Your task - Take the line that contains "Some of the text" in the data below and each line after it, through the last, and repeat them unchanged.

Saved data entries:
- Opening Delimiter -
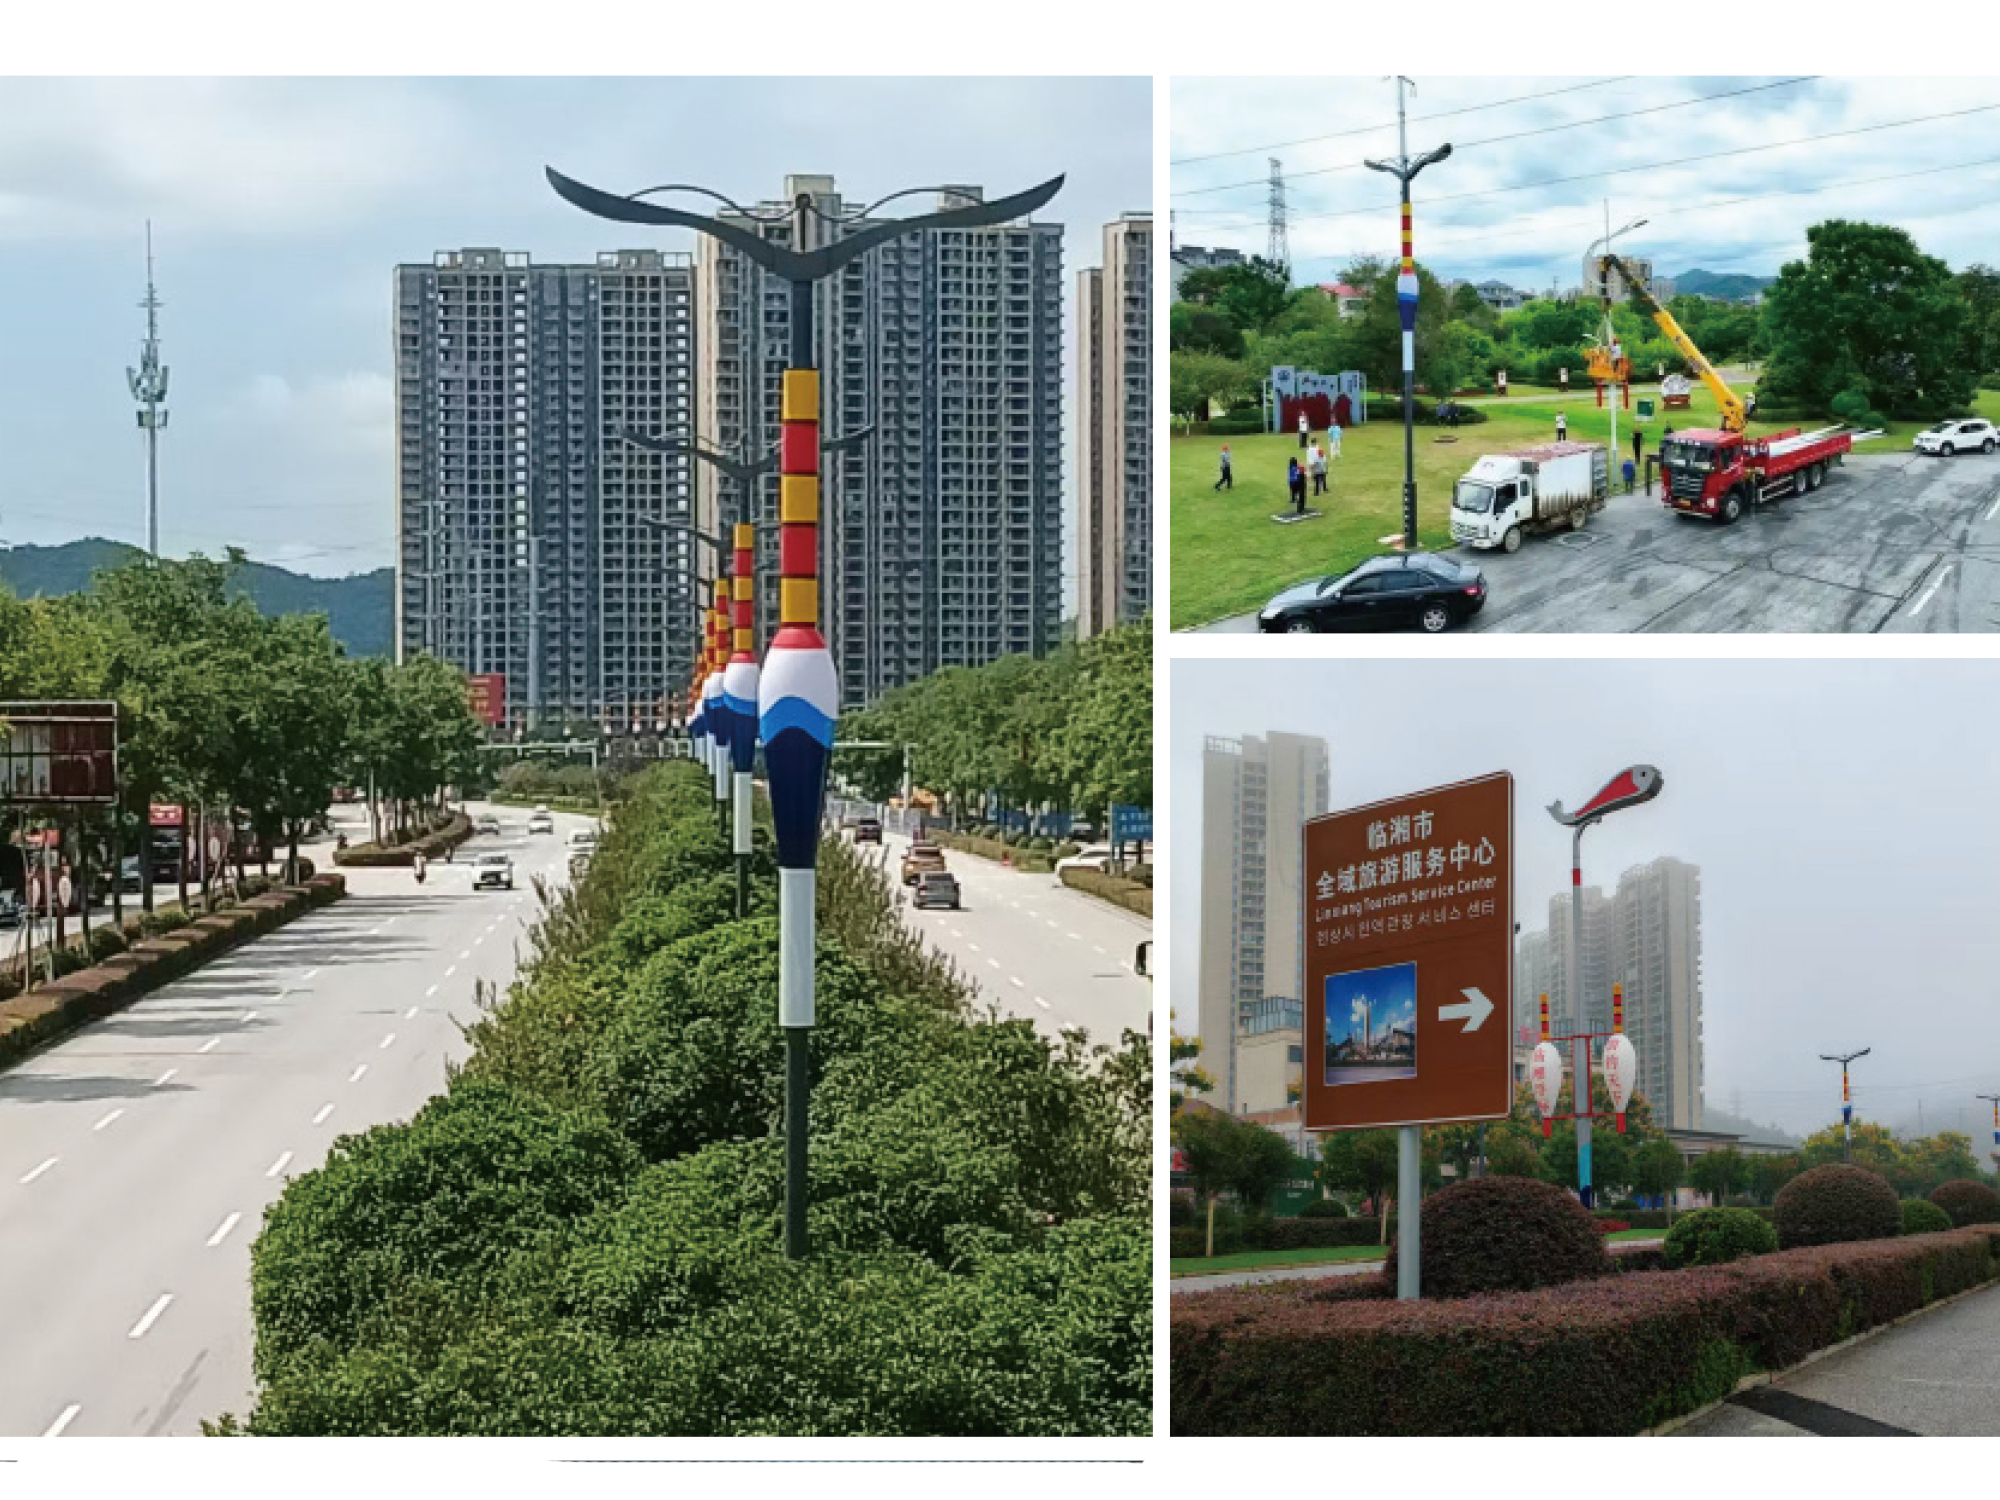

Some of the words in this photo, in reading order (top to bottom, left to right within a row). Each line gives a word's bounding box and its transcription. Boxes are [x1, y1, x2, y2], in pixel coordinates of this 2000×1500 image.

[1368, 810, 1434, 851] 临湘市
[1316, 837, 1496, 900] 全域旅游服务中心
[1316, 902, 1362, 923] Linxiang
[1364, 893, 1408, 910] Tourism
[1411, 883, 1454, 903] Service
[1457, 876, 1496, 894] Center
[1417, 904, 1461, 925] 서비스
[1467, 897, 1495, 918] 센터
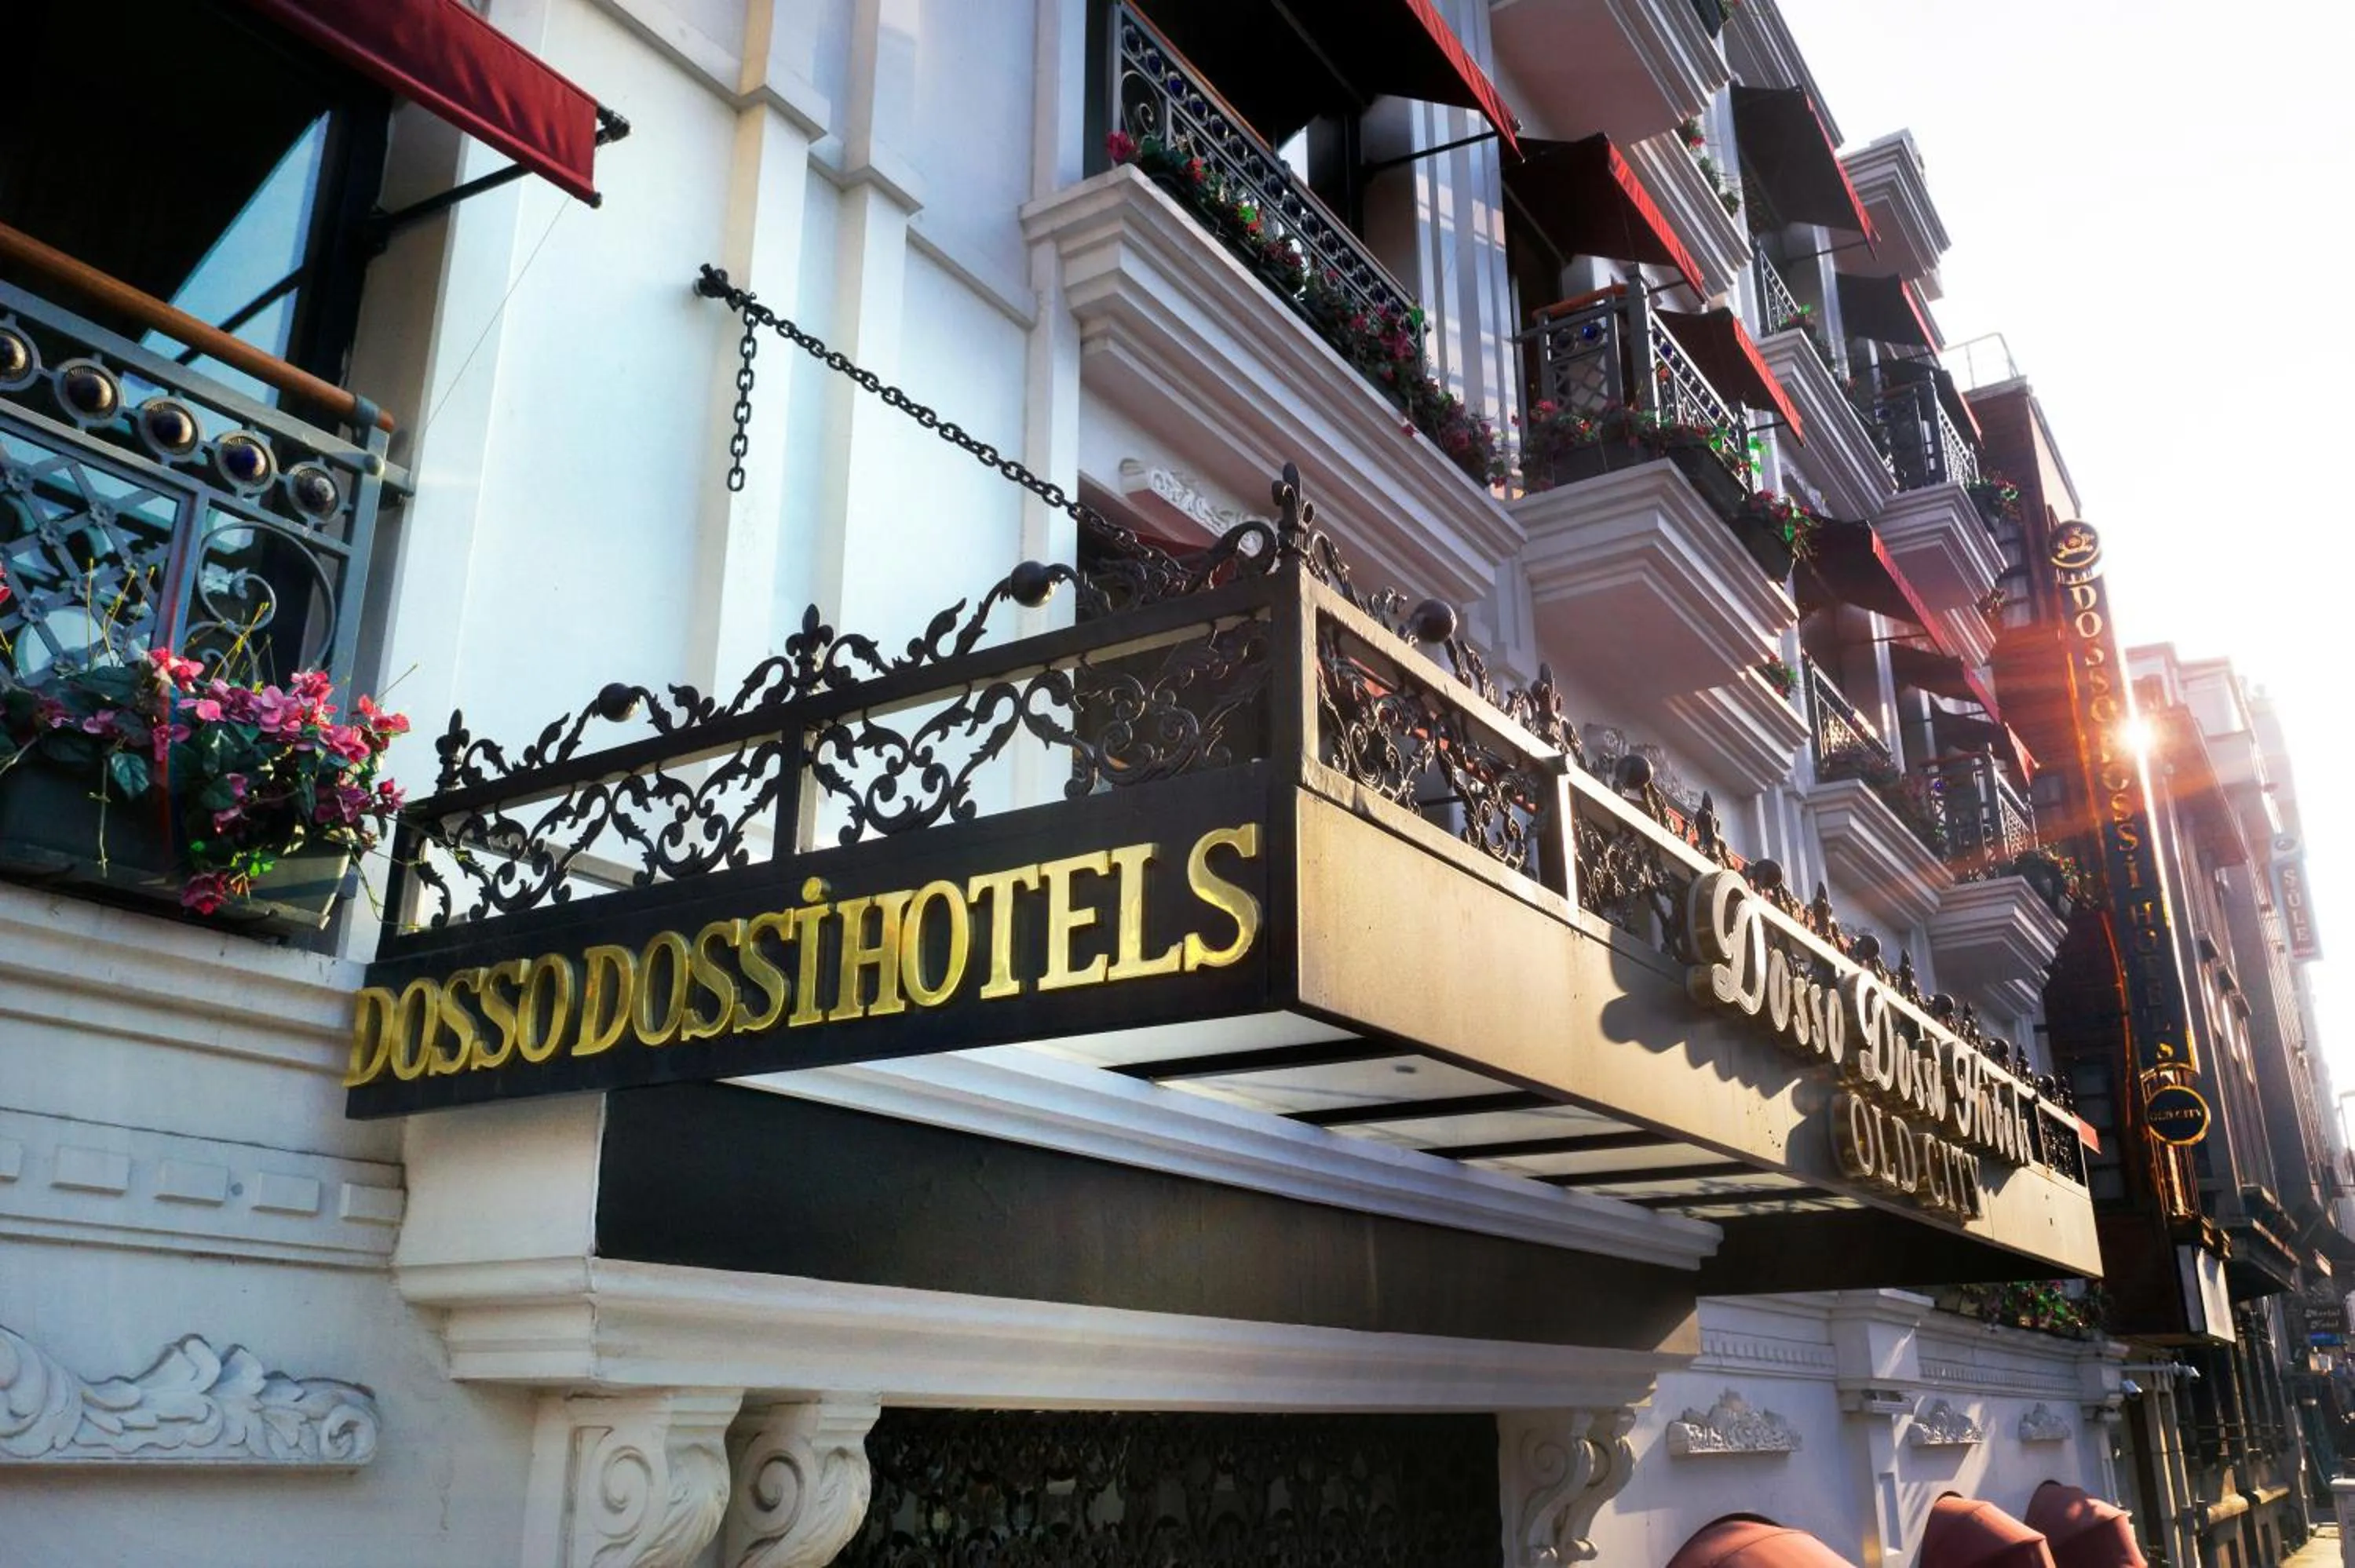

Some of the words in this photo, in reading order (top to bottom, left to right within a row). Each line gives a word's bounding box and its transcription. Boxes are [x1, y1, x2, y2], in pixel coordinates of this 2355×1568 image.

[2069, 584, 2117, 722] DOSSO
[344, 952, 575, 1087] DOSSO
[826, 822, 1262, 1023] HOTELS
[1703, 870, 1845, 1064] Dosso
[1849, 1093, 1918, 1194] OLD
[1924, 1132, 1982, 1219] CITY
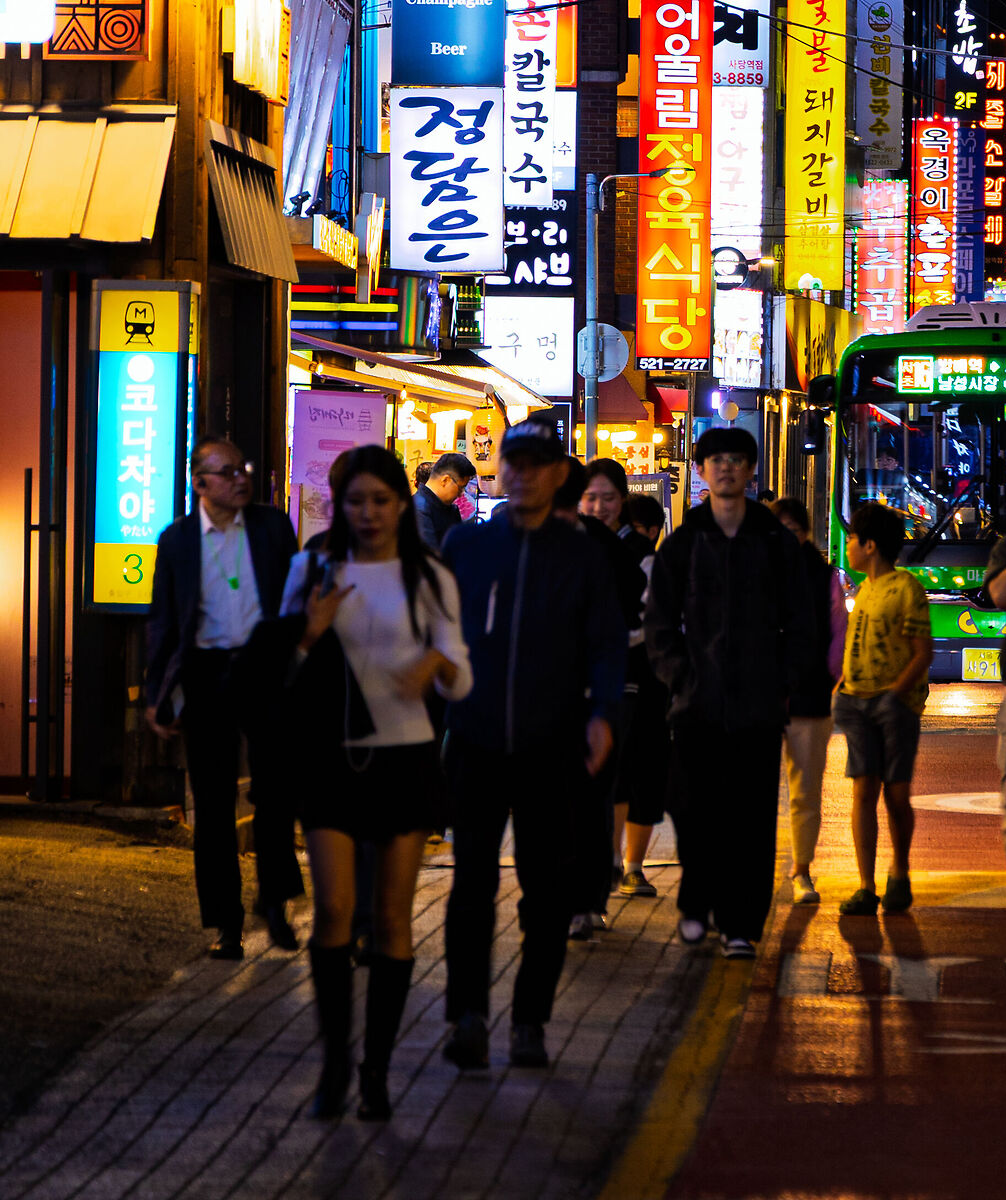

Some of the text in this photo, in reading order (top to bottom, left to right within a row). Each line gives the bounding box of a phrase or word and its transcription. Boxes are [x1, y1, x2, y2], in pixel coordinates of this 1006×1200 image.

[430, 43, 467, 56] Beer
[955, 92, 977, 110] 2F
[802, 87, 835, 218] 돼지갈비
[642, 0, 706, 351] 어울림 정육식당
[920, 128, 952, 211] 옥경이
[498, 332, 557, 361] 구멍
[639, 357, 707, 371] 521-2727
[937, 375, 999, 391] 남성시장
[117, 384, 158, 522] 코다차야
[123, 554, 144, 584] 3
- Closing Delimiter -
Answer to this task -
Some of the text in this photo, in reading order (top to bottom, left to right within a row). Each line gives the bounding box of a phrase or word and its transcription. Boxes are [x1, y1, x2, y2], in pixel coordinates of this 1006×1200 image.

[430, 43, 467, 56] Beer
[955, 92, 977, 110] 2F
[802, 87, 835, 218] 돼지갈비
[642, 0, 706, 351] 어울림 정육식당
[920, 128, 952, 211] 옥경이
[498, 332, 557, 361] 구멍
[639, 357, 707, 371] 521-2727
[937, 375, 999, 391] 남성시장
[117, 384, 158, 522] 코다차야
[123, 554, 144, 584] 3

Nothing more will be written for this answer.